[Records Boundary: Start]
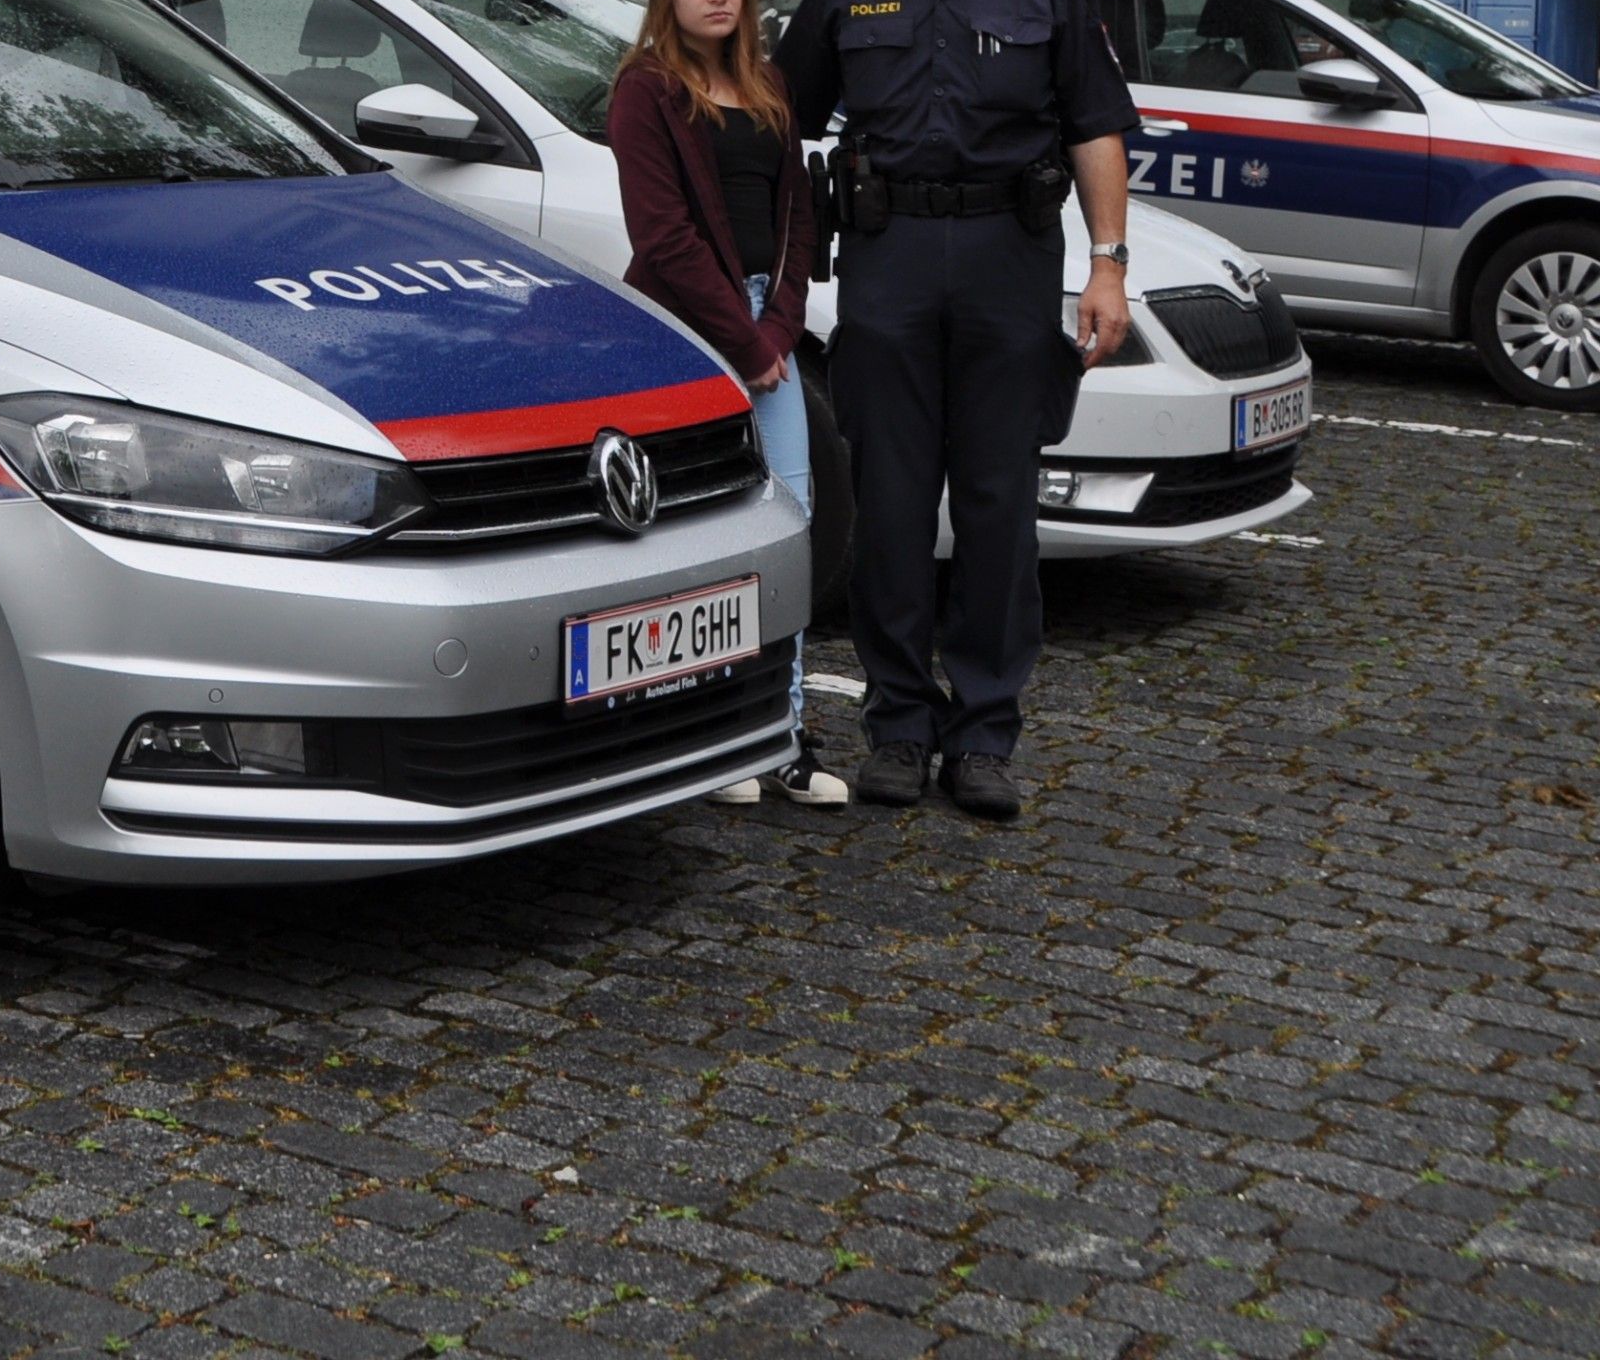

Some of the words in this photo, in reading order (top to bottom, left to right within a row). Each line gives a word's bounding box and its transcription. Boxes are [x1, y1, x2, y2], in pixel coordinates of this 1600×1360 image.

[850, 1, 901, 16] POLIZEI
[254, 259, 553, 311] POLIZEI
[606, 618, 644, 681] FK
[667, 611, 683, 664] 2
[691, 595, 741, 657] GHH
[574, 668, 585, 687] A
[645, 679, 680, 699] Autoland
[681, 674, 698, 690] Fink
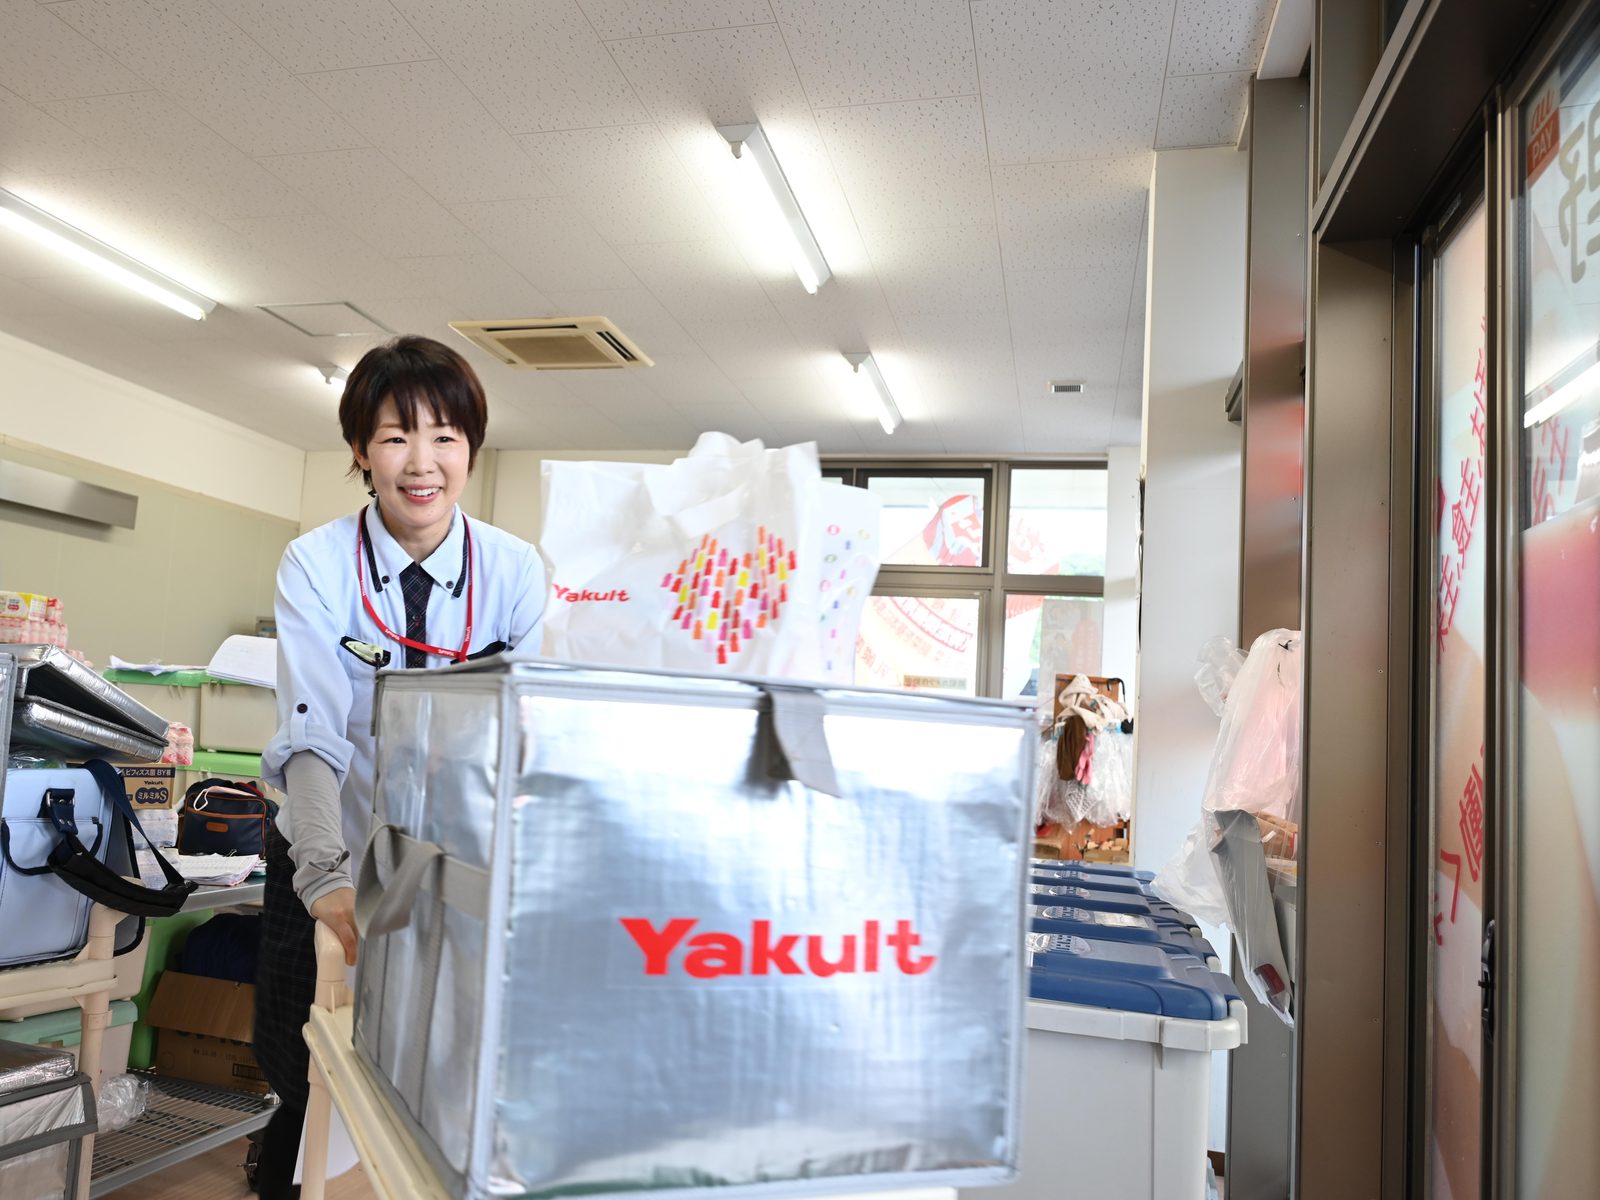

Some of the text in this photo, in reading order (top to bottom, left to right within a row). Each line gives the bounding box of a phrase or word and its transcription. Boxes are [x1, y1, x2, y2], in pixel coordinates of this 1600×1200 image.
[Records Boundary: End]
• _Description of the task_
Output the records above verbatim. Pictures stay out.

• _Solution below_
Some of the words in this photo, in reading order (top to bottom, left to right within a row). Each line gives a word's bounding box and its transcription. Boxes are [x1, y1, x2, y2], in pixel coordinates of this 1600×1360 image.

[850, 1, 901, 16] POLIZEI
[254, 259, 553, 311] POLIZEI
[606, 618, 644, 681] FK
[667, 611, 683, 664] 2
[691, 595, 741, 657] GHH
[574, 668, 585, 687] A
[645, 679, 680, 699] Autoland
[681, 674, 698, 690] Fink

Some of the text in this photo, in reading order (top to bottom, left to right within a row). Each line gives the bounding box of a phrase or word and its transcription. Boxes are [x1, y1, x2, y2], in pixel coordinates of this 1600×1200 image.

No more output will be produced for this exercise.